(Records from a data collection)
•••••
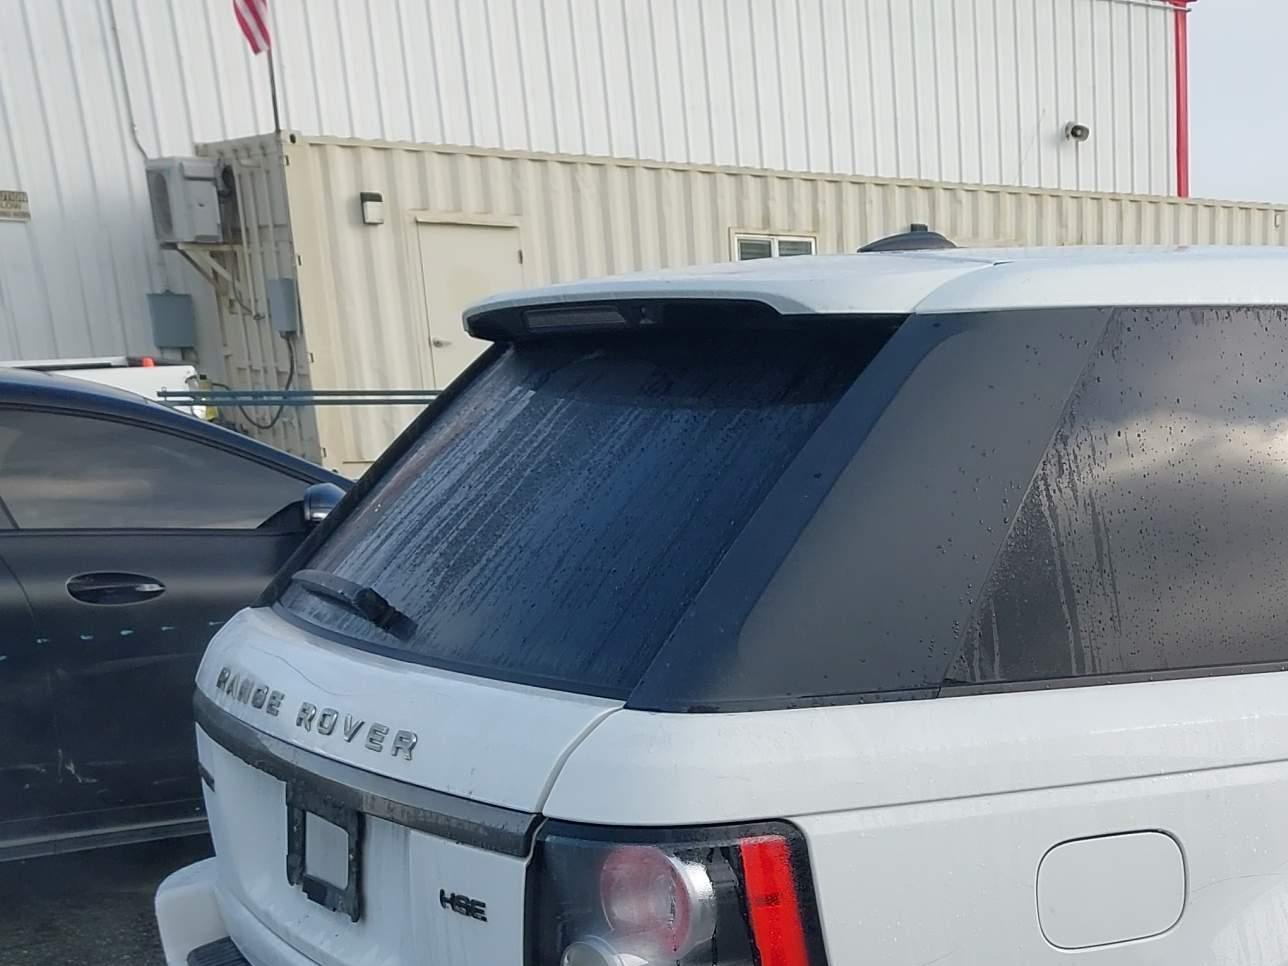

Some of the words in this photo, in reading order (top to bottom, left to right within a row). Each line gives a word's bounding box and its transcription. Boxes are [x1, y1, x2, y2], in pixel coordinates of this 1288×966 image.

[216, 667, 285, 716] RANGE
[296, 702, 418, 761] ROVER
[440, 889, 487, 922] HSE
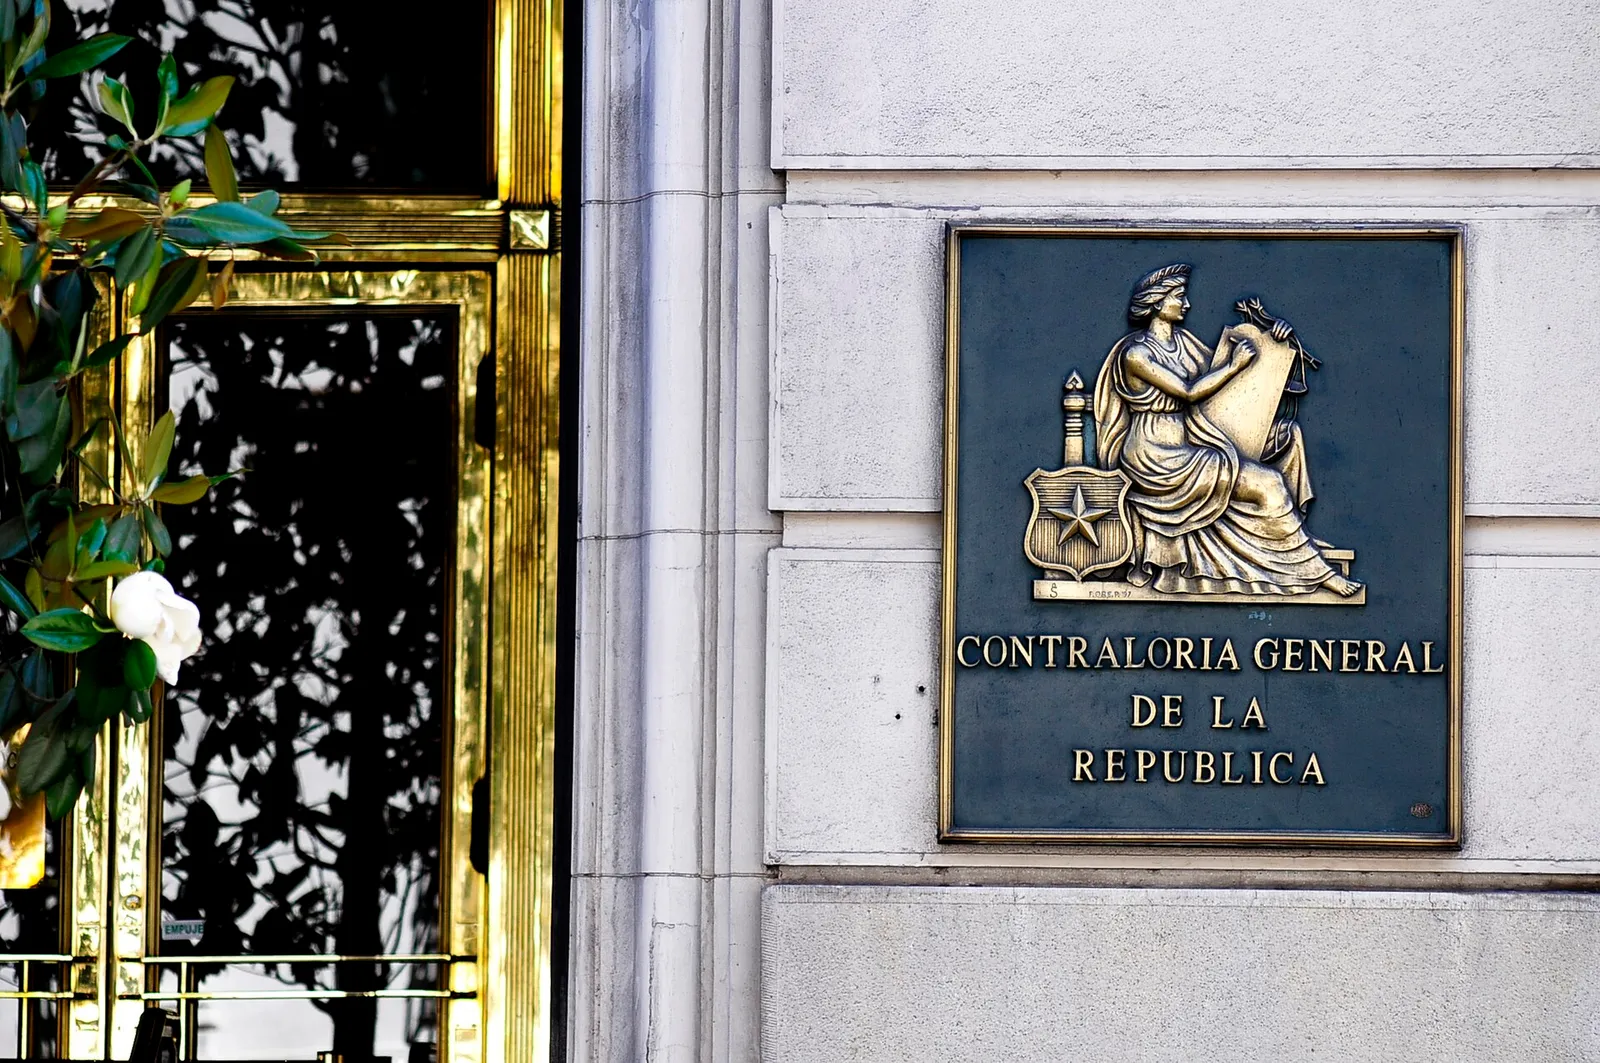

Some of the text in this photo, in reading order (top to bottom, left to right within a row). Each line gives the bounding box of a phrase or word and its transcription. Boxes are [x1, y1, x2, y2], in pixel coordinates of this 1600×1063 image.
•••••
When you transcribe these entries, keep every word exact and drop the pictures.

EXERCISE OUTPUT.
Some of the words in this photo, in reading order (top to bottom, left to right within a row). Each line gives a word's bounding box and its transcription. Boxes are [x1, y1, x2, y2], in pixel coordinates of this 1288×966 image.

[216, 667, 285, 716] RANGE
[296, 702, 418, 761] ROVER
[440, 889, 487, 922] HSE

Some of the text in this photo, in reading order (top to bottom, left to right within a row). Each line gives the bounding box of a phrase or word and its transcription. Boxes are [x1, y1, x2, y2], in pixel coordinates of this 1600×1063 image.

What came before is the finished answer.